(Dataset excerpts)
>>>>

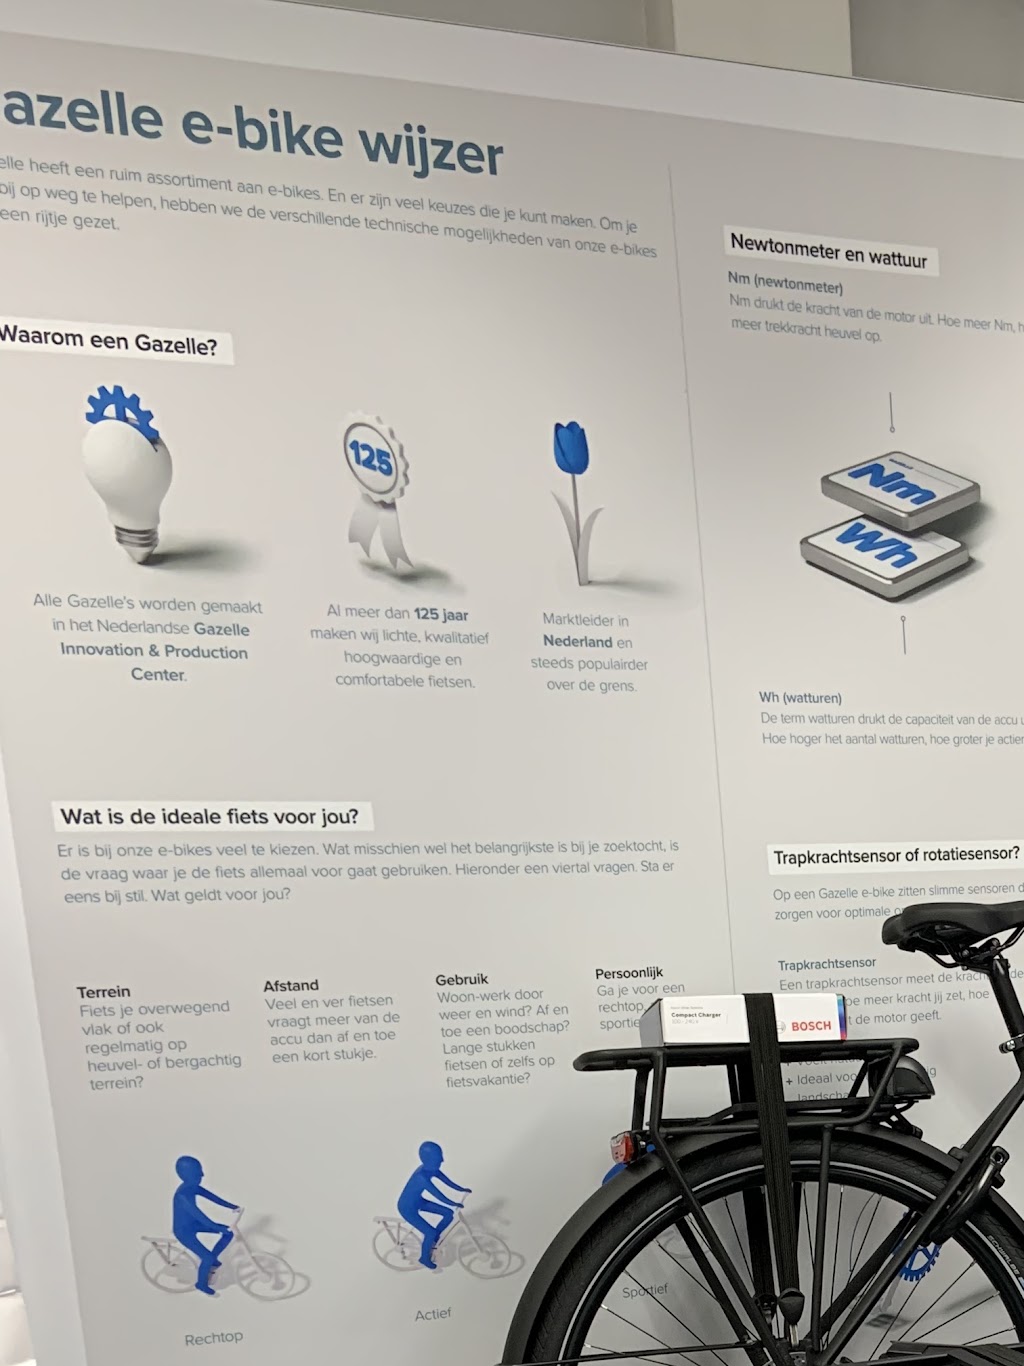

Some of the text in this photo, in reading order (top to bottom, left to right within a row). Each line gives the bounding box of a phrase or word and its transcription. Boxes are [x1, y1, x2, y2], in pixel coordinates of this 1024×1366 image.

[3, 89, 503, 179] azelle e-bike wijzer
[731, 232, 927, 269] Newtonmeter en wattuur
[728, 270, 843, 294] Nm (newtonmeter)
[0, 324, 217, 356] Waarom een Gazelle?
[349, 439, 393, 476] 125
[848, 463, 937, 505] Nm
[836, 522, 918, 569] Wh
[33, 593, 263, 615] Alle Gazelle's worden gemaakt
[327, 604, 468, 624] Al meer dan 125 jaar
[60, 641, 248, 659] Innovation & Production
[543, 634, 632, 648] Nederland en
[131, 667, 186, 681] Center.
[758, 690, 841, 706] Wh (watturen)
[60, 808, 358, 828] Wat is de ideale fiets voor jou?
[773, 845, 1020, 867] Trapkrachtsensor of rotatiesensor?
[64, 887, 290, 906] eens bij stil. Wat geldt voor jou?
[595, 966, 663, 980] Persoonlijk
[777, 958, 876, 973] Trapkrachtsensor
[263, 979, 319, 992] Afstand
[435, 973, 488, 986] Gebruik
[76, 985, 130, 998] Terrein
[79, 1000, 230, 1019] Fiets je overwegend
[791, 1021, 832, 1032] BOSCH
[622, 1282, 669, 1300] Sportief
[415, 1306, 451, 1321] Actief
[184, 1331, 243, 1346] Rechtop

<<<<

EXERCISE PROMPT: Leave out the images and transcribe all the records exactly.

SOLUTION TO THE PROBLEM:
Some of the text in this photo, in reading order (top to bottom, left to right within a row). Each line gives the bounding box of a phrase or word and its transcription. Boxes are [x1, y1, x2, y2], in pixel coordinates of this 1024×1366 image.

[3, 89, 503, 179] azelle e-bike wijzer
[731, 232, 927, 269] Newtonmeter en wattuur
[728, 270, 843, 294] Nm (newtonmeter)
[0, 324, 217, 356] Waarom een Gazelle?
[349, 439, 393, 476] 125
[848, 463, 937, 505] Nm
[836, 522, 918, 569] Wh
[33, 593, 263, 615] Alle Gazelle's worden gemaakt
[327, 604, 468, 624] Al meer dan 125 jaar
[60, 641, 248, 659] Innovation & Production
[543, 634, 632, 648] Nederland en
[131, 667, 186, 681] Center.
[758, 690, 841, 706] Wh (watturen)
[60, 808, 358, 828] Wat is de ideale fiets voor jou?
[773, 845, 1020, 867] Trapkrachtsensor of rotatiesensor?
[64, 887, 290, 906] eens bij stil. Wat geldt voor jou?
[595, 966, 663, 980] Persoonlijk
[777, 958, 876, 973] Trapkrachtsensor
[263, 979, 319, 992] Afstand
[435, 973, 488, 986] Gebruik
[76, 985, 130, 998] Terrein
[79, 1000, 230, 1019] Fiets je overwegend
[791, 1021, 832, 1032] BOSCH
[622, 1282, 669, 1300] Sportief
[415, 1306, 451, 1321] Actief
[184, 1331, 243, 1346] Rechtop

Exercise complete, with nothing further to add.